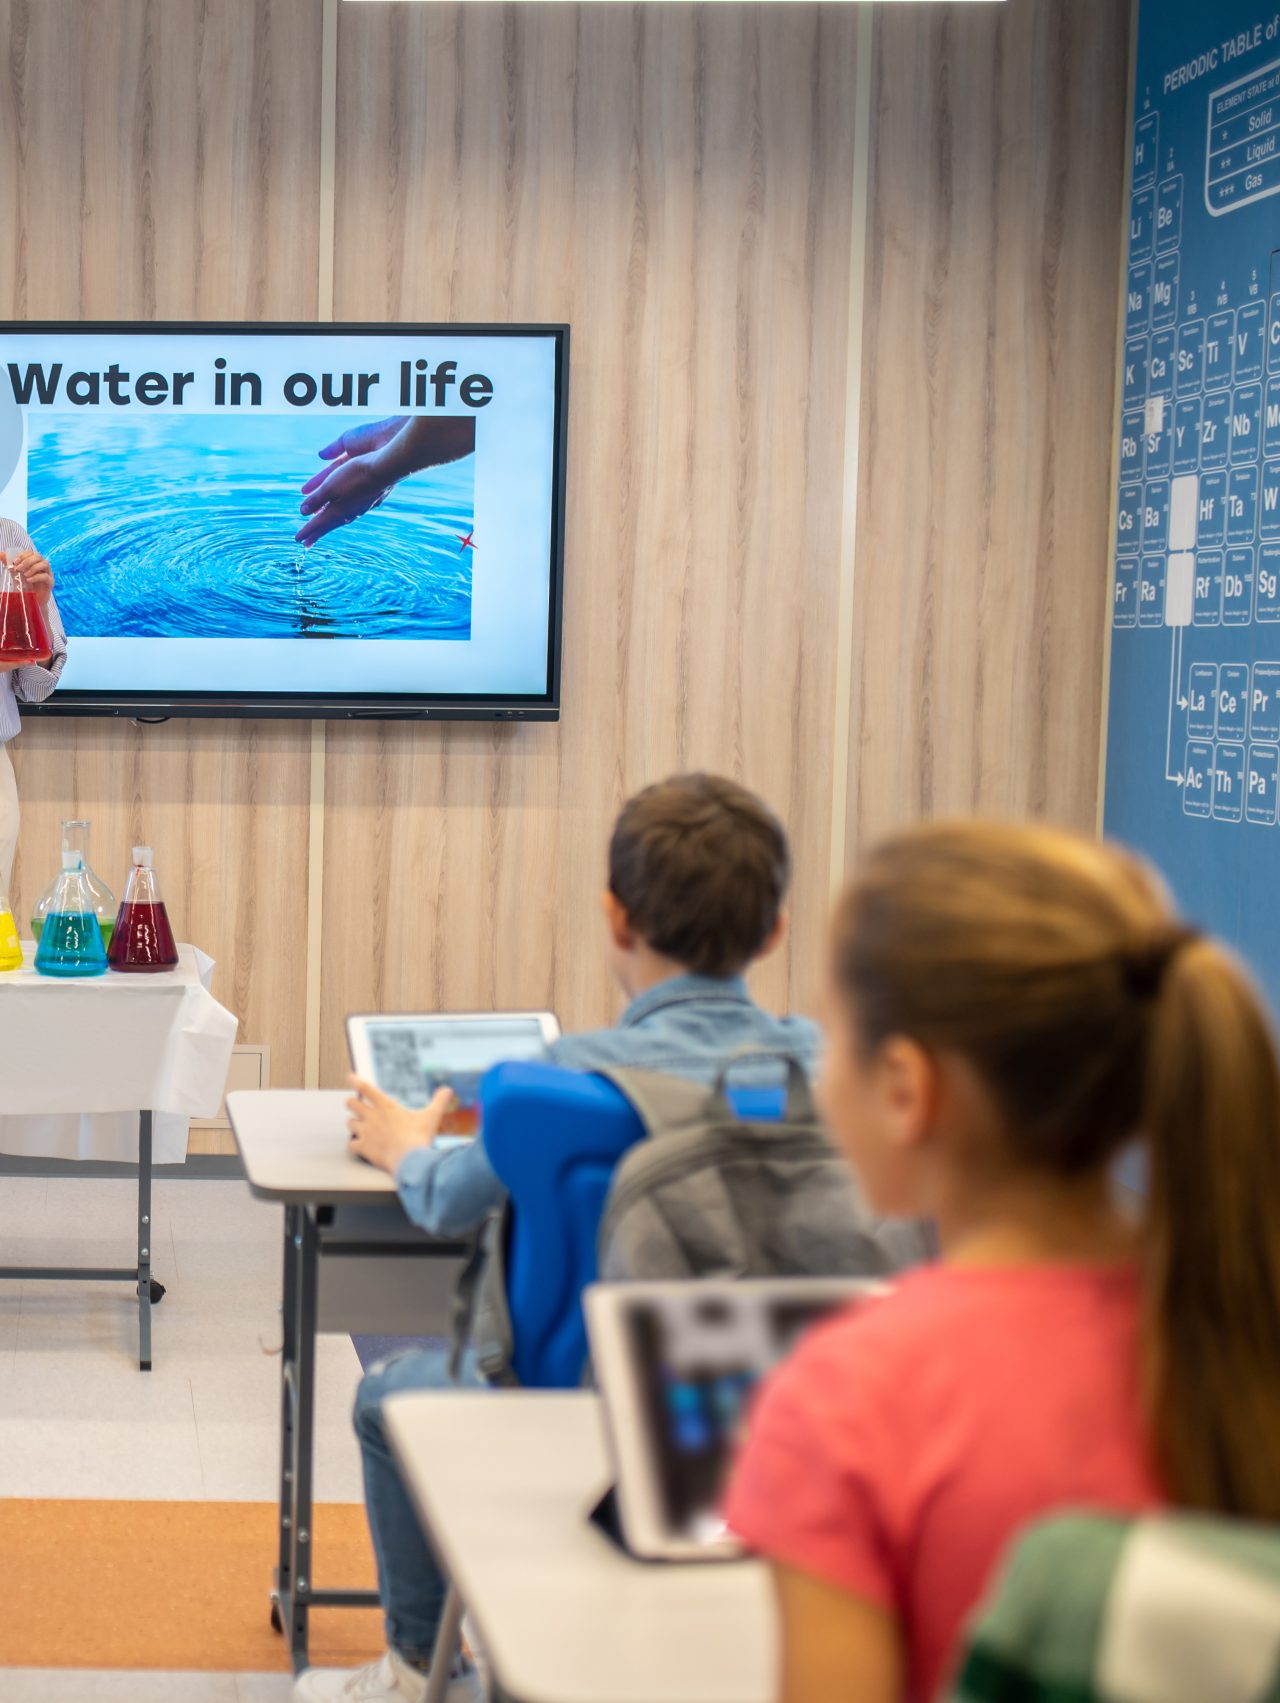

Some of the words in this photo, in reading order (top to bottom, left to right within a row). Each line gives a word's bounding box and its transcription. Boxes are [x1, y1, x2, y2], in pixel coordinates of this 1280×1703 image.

[1164, 48, 1218, 95] PERIODIC
[1222, 24, 1262, 63] TABLE
[1265, 14, 1280, 41] of
[1217, 91, 1246, 114] ELEMENT
[1247, 80, 1267, 99] STATE
[1248, 108, 1273, 132] Solid
[1135, 143, 1144, 166] H
[1246, 136, 1276, 162] Liquid
[1244, 174, 1263, 191] Gas
[1131, 216, 1142, 240] Li
[1158, 206, 1173, 229] Be
[1127, 292, 1143, 313] Na
[1154, 281, 1171, 307] Mg
[1238, 332, 1248, 356] V
[1270, 321, 1280, 345] C
[1178, 349, 1194, 372] Sc
[1206, 340, 1219, 364] Ti
[1125, 363, 1135, 386] K
[1151, 357, 1166, 379] Ca
[8, 363, 195, 406] Water
[215, 358, 262, 406] in
[284, 373, 380, 407] our
[400, 360, 494, 408] life
[1232, 413, 1251, 437] Nb
[1266, 403, 1280, 428] M
[1147, 432, 1161, 453] Sr
[1176, 426, 1185, 448] Y
[1202, 420, 1217, 443] Zr
[1121, 437, 1137, 458] Rb
[1199, 498, 1214, 521] Hf
[1230, 495, 1244, 517] Ta
[1264, 487, 1279, 511] W
[1118, 510, 1133, 531] Cs
[1144, 507, 1160, 528] Ba
[1115, 582, 1128, 602] Fr
[1141, 580, 1156, 602] Ra
[1195, 576, 1210, 599] Rf
[1224, 575, 1243, 597] Db
[1258, 570, 1277, 599] Sg
[1190, 689, 1205, 712] La
[1219, 690, 1237, 714] Ce
[1253, 689, 1269, 713] Pr
[1185, 766, 1203, 789] Ac
[1216, 769, 1232, 793] Th
[1249, 770, 1266, 795] Pa

..........

• **Description of the task**: Every line of the data should be transcribed exactly. Omit the images.

• **Response for this exercise**:
Some of the words in this photo, in reading order (top to bottom, left to right within a row). Each line gives a word's bounding box and its transcription. Boxes are [x1, y1, x2, y2], in pixel coordinates of this 1280×1703 image.

[1164, 48, 1218, 95] PERIODIC
[1222, 24, 1262, 63] TABLE
[1265, 14, 1280, 41] of
[1217, 91, 1246, 114] ELEMENT
[1247, 80, 1267, 99] STATE
[1248, 108, 1273, 132] Solid
[1135, 143, 1144, 166] H
[1246, 136, 1276, 162] Liquid
[1244, 174, 1263, 191] Gas
[1131, 216, 1142, 240] Li
[1158, 206, 1173, 229] Be
[1127, 292, 1143, 313] Na
[1154, 281, 1171, 307] Mg
[1238, 332, 1248, 356] V
[1270, 321, 1280, 345] C
[1178, 349, 1194, 372] Sc
[1206, 340, 1219, 364] Ti
[1125, 363, 1135, 386] K
[1151, 357, 1166, 379] Ca
[8, 363, 195, 406] Water
[215, 358, 262, 406] in
[284, 373, 380, 407] our
[400, 360, 494, 408] life
[1232, 413, 1251, 437] Nb
[1266, 403, 1280, 428] M
[1147, 432, 1161, 453] Sr
[1176, 426, 1185, 448] Y
[1202, 420, 1217, 443] Zr
[1121, 437, 1137, 458] Rb
[1199, 498, 1214, 521] Hf
[1230, 495, 1244, 517] Ta
[1264, 487, 1279, 511] W
[1118, 510, 1133, 531] Cs
[1144, 507, 1160, 528] Ba
[1115, 582, 1128, 602] Fr
[1141, 580, 1156, 602] Ra
[1195, 576, 1210, 599] Rf
[1224, 575, 1243, 597] Db
[1258, 570, 1277, 599] Sg
[1190, 689, 1205, 712] La
[1219, 690, 1237, 714] Ce
[1253, 689, 1269, 713] Pr
[1185, 766, 1203, 789] Ac
[1216, 769, 1232, 793] Th
[1249, 770, 1266, 795] Pa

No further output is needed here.